## Aim of the exercise
Set every record down again, exactly and completely.

Dataset START

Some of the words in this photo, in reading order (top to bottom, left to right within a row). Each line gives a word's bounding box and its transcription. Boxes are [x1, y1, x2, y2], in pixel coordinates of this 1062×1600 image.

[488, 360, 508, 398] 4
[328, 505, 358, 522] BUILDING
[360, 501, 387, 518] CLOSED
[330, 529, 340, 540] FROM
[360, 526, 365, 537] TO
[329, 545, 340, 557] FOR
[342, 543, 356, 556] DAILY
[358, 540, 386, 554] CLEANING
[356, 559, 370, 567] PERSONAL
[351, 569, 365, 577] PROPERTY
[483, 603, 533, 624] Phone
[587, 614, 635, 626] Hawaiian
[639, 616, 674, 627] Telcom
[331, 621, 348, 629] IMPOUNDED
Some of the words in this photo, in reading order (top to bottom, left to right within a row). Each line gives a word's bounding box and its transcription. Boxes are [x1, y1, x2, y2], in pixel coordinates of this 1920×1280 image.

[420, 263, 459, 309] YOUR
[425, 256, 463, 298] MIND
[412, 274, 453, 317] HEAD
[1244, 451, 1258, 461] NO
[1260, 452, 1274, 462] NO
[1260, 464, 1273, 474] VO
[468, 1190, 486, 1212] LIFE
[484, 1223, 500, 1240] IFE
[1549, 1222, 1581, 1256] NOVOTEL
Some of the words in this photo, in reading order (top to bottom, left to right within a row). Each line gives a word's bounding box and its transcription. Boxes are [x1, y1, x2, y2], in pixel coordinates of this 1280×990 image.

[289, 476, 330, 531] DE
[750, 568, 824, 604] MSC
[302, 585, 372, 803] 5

Dataset END

## Task solution
Some of the words in this photo, in reading order (top to bottom, left to right within a row). Each line gives a word's bounding box and its transcription. Boxes are [x1, y1, x2, y2], in pixel coordinates of this 1062×1600 image.

[488, 360, 508, 398] 4
[328, 505, 358, 522] BUILDING
[360, 501, 387, 518] CLOSED
[330, 529, 340, 540] FROM
[360, 526, 365, 537] TO
[329, 545, 340, 557] FOR
[342, 543, 356, 556] DAILY
[358, 540, 386, 554] CLEANING
[356, 559, 370, 567] PERSONAL
[351, 569, 365, 577] PROPERTY
[483, 603, 533, 624] Phone
[587, 614, 635, 626] Hawaiian
[639, 616, 674, 627] Telcom
[331, 621, 348, 629] IMPOUNDED
Some of the words in this photo, in reading order (top to bottom, left to right within a row). Each line gives a word's bounding box and its transcription. Boxes are [x1, y1, x2, y2], in pixel coordinates of this 1920×1280 image.

[420, 263, 459, 309] YOUR
[425, 256, 463, 298] MIND
[412, 274, 453, 317] HEAD
[1244, 451, 1258, 461] NO
[1260, 452, 1274, 462] NO
[1260, 464, 1273, 474] VO
[468, 1190, 486, 1212] LIFE
[484, 1223, 500, 1240] IFE
[1549, 1222, 1581, 1256] NOVOTEL
Some of the words in this photo, in reading order (top to bottom, left to right within a row). Each line gives a word's bounding box and its transcription. Boxes are [x1, y1, x2, y2], in pixel coordinates of this 1280×990 image.

[289, 476, 330, 531] DE
[750, 568, 824, 604] MSC
[302, 585, 372, 803] 5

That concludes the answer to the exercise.